Income verification is what happens when you buy a mortgage. It has nothing in common with the credit card process.
> If you lie, you may be committing credit card fraud.
It seems like we're heading for a society lying and fraud are engaged in and almost tolerated a lot more, and certainly where resources for enforcement are stripped.
It's a high trust process in a high trust society. Assuming that most people are honest, it works out well. Verification bogs down the process and may discourage people from applying. Clever fraudsters can probably pass that anyway.
Even though the article is old, I saw my last few years' pay history in the links provided there.

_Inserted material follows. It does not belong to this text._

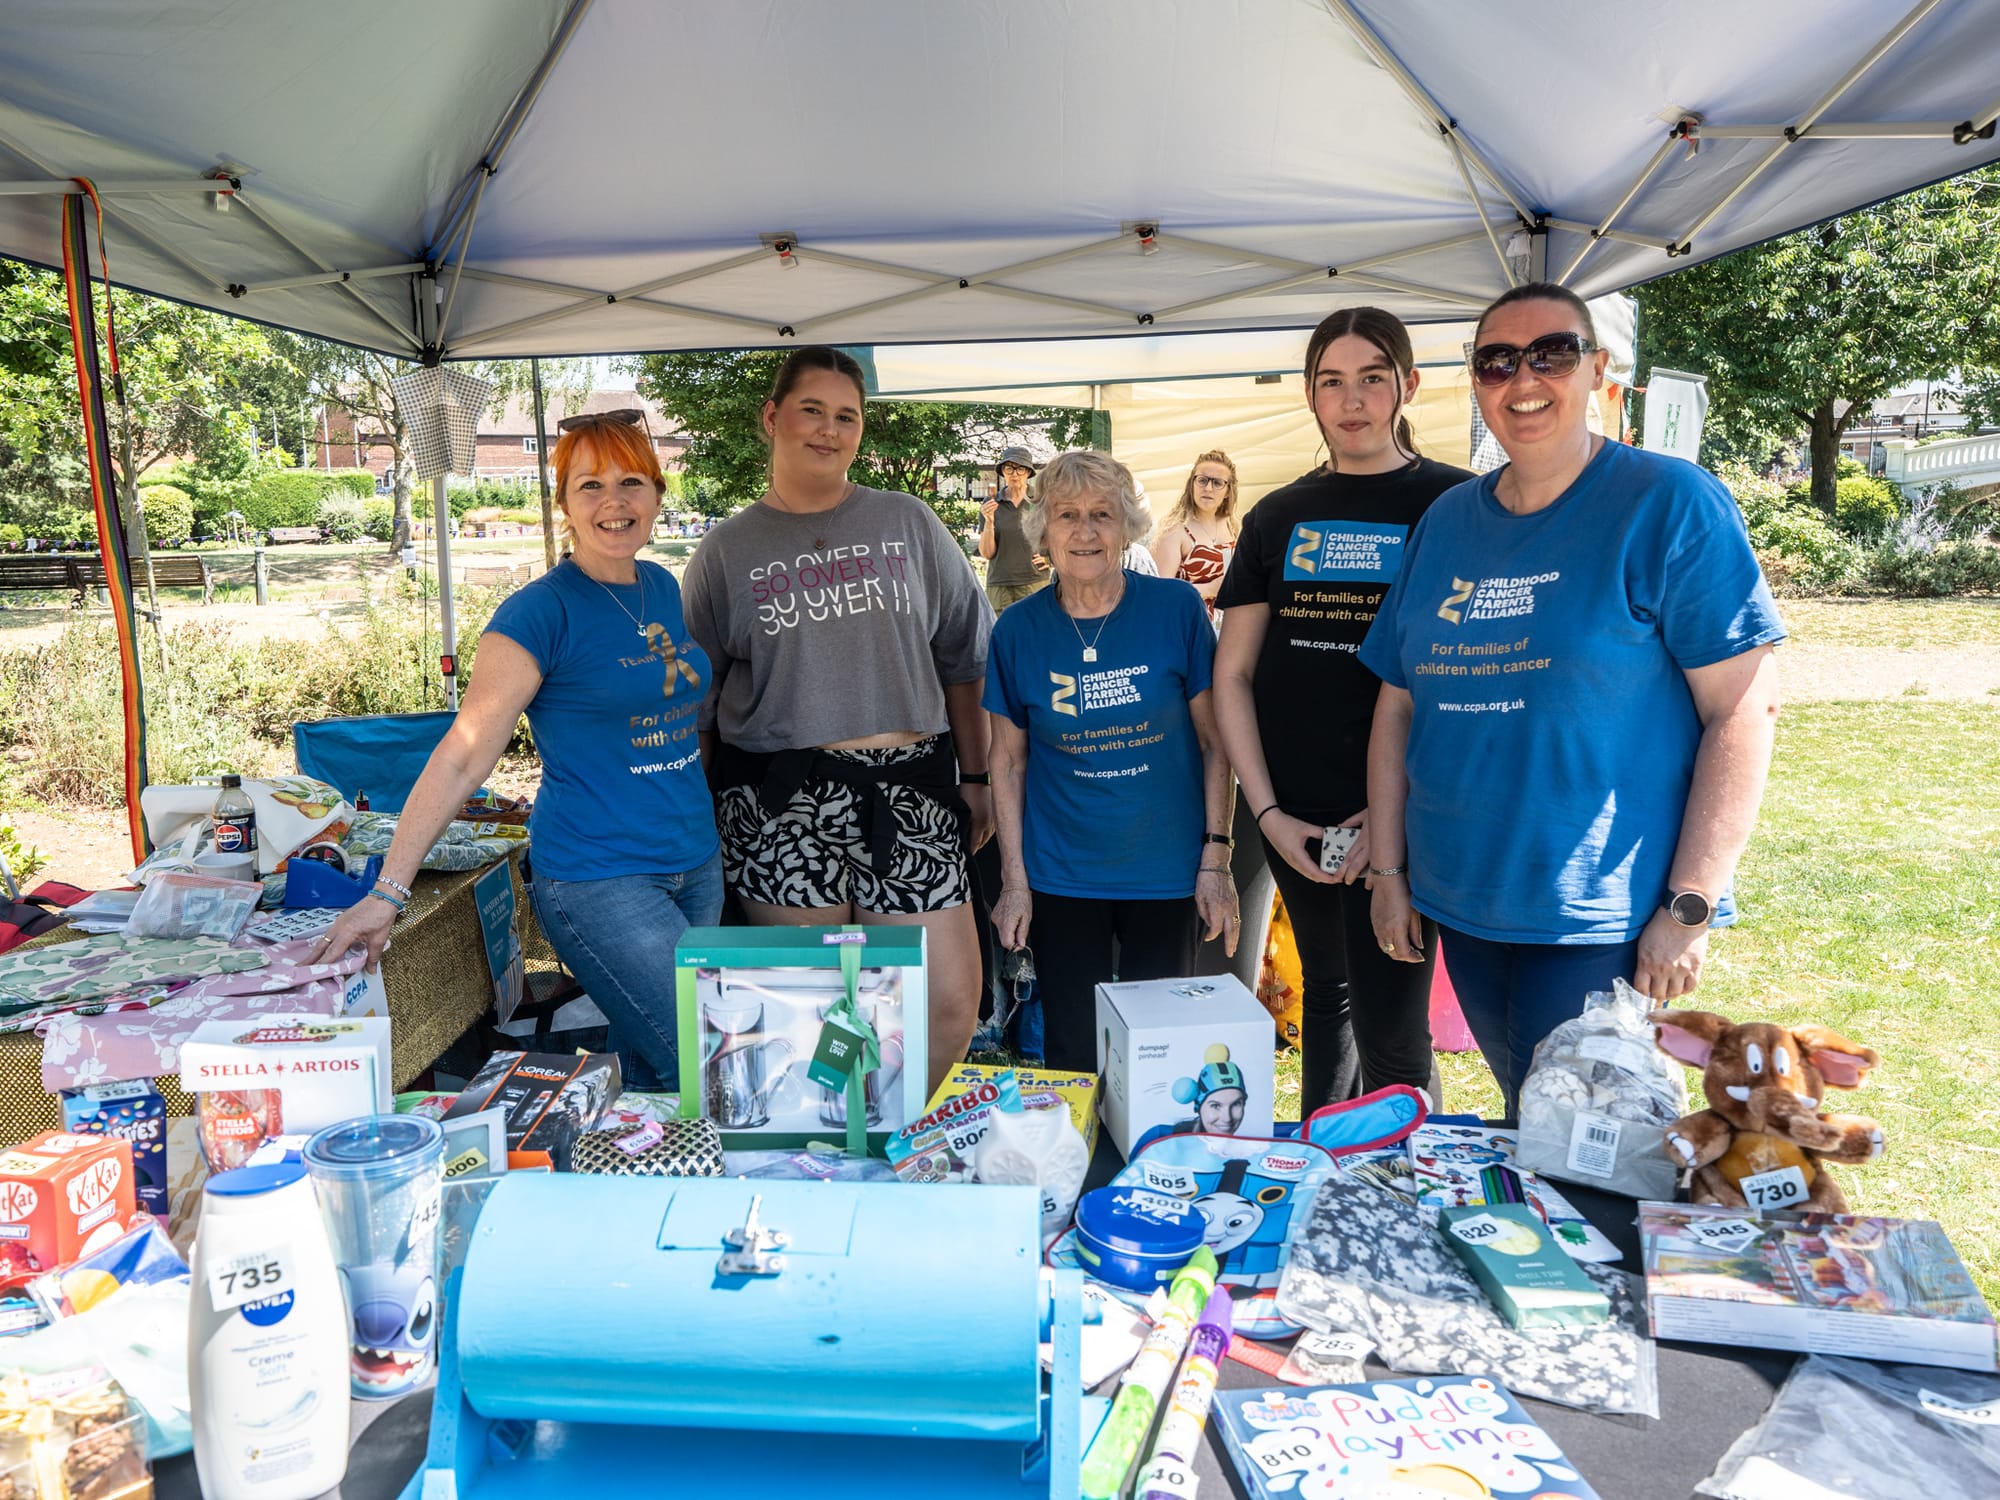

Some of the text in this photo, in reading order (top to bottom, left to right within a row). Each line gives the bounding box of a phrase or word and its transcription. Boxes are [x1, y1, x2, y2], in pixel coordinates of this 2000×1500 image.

Opting out feels like a devil's bargain: credit will presumably cost you more or be harder to get as a result. But there's no fine-grained way to choose who gets the info.
Self-employed for many years. Anecdote, but I can tell you that my access to consumer credit has not been impacted in any way by my compensation not appearing in those databases.
On larger loans, sure. But the credit score metric that is the first indicator does not inherently use income. You self report with no verification whatsoever.
Every landlord I’ve had (except for a sketchy cash-only guy) has verified my income. They also verified for my first car loan (I guess due to lack of any existing loans.)
Here, "large" runs at least up to $50k-$100k per lender without any meaningful income verification.